El colmo de lo improcedente llegaba días atrás cuando el presidente se descolgaba, en sus forcejeos para cambiar las condiciones establecidas en materia de inmigración que afectan a ciudadanos originarios principalmente de familias procedentes del subdesarrollo tercermundista, en el propio ámbito americano y  en el mundo africano. En el último episodio, Trump ha dicho que no quiere inmigrantes de “países de mierda” (sic), en referencia a personas de Salvador, Honduras, Sudán del Sur y Haiti. Asegurando que prefiere recibir gentes de Noruega…, según revelación hecha por el “Washington Post”, aunque luego el propio Trump haya pretendido desmentirlo. Con el paso de los días, varios de los Gobiernos de los países aludidos han protestado y en la propia ONU han  circulado las lógicas declaraciones de condena.
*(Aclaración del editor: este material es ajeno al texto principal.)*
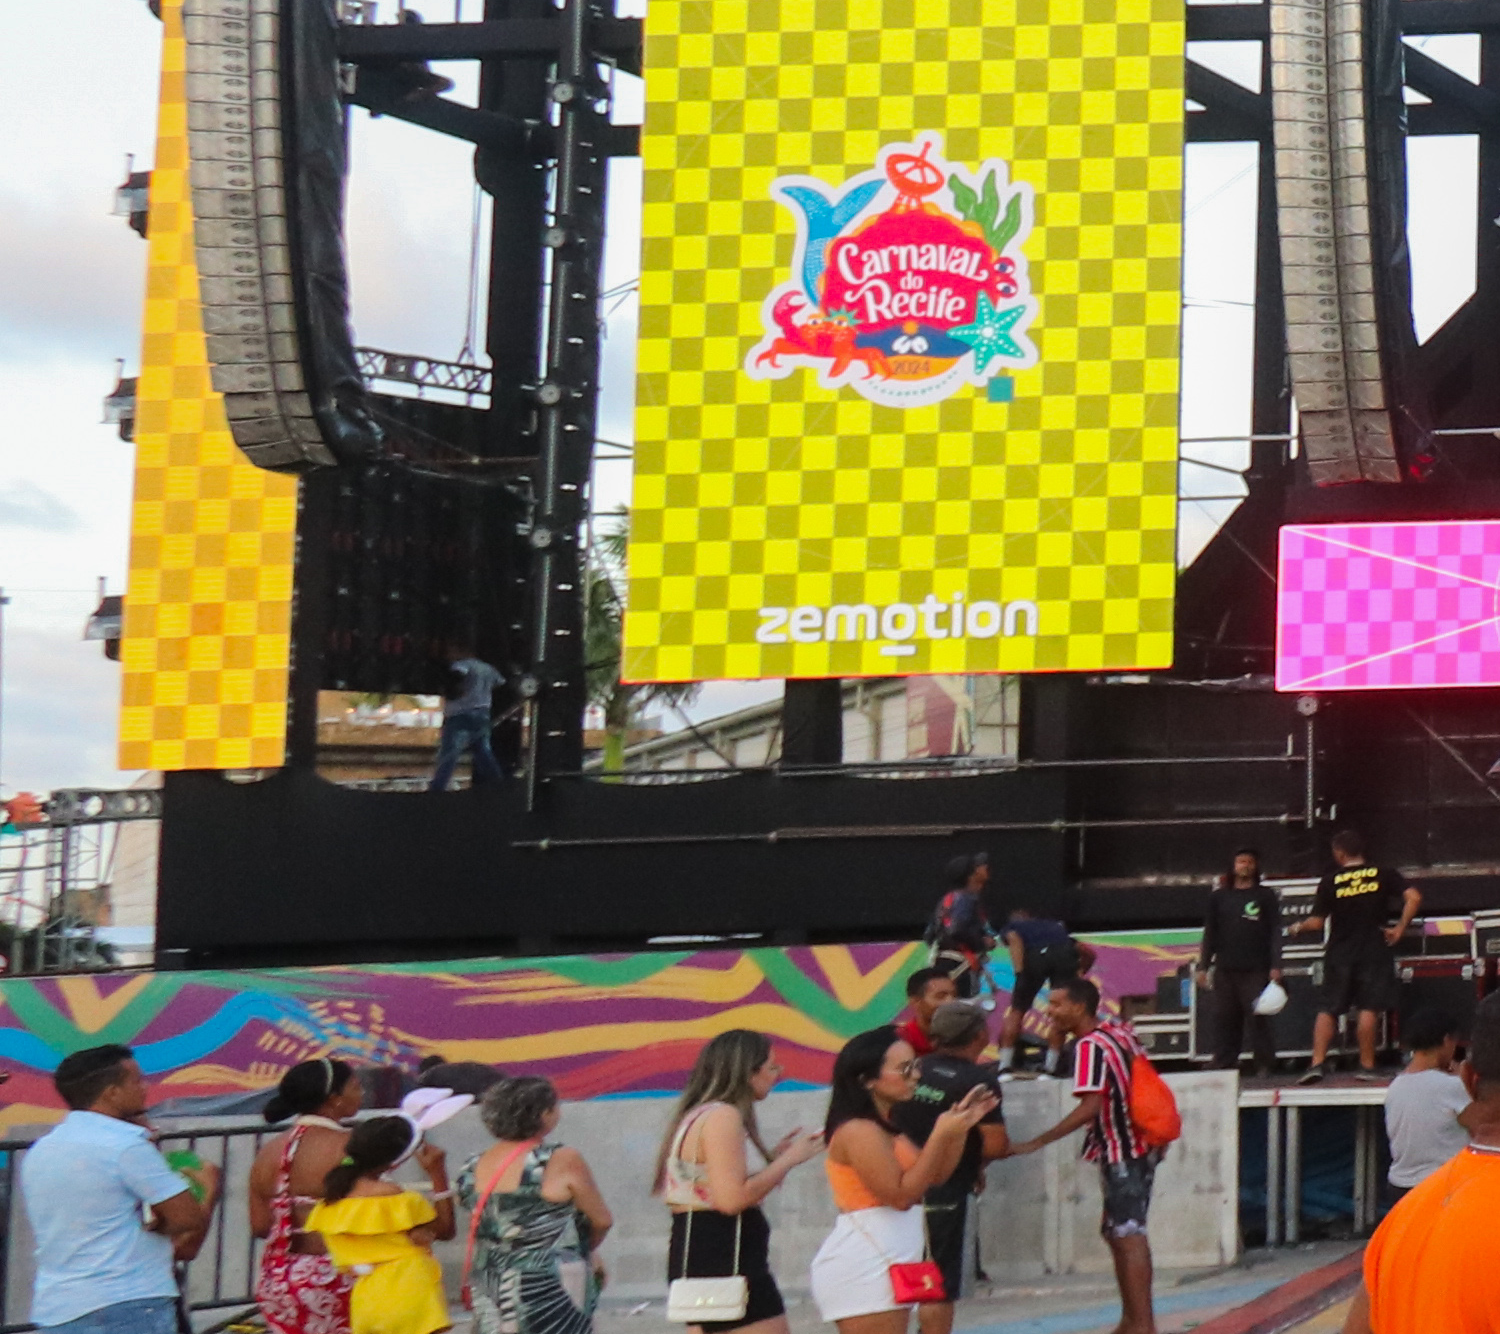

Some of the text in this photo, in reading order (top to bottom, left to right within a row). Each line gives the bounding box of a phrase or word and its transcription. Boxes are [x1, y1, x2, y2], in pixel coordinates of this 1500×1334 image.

Guste o no a los incondicionales del magnate, es obligado reconocer que al frente de la primera potencia mundial se encuentra un personaje que no cubre los mínimos de ecuanimidad exigibles al gobernante de la más modesta comunidad nacional. El suceso, por la magnitud descalificatoria de su repulsión, alcanza significaciones críticas, parangonables con los supuestos merecedores del impeachment.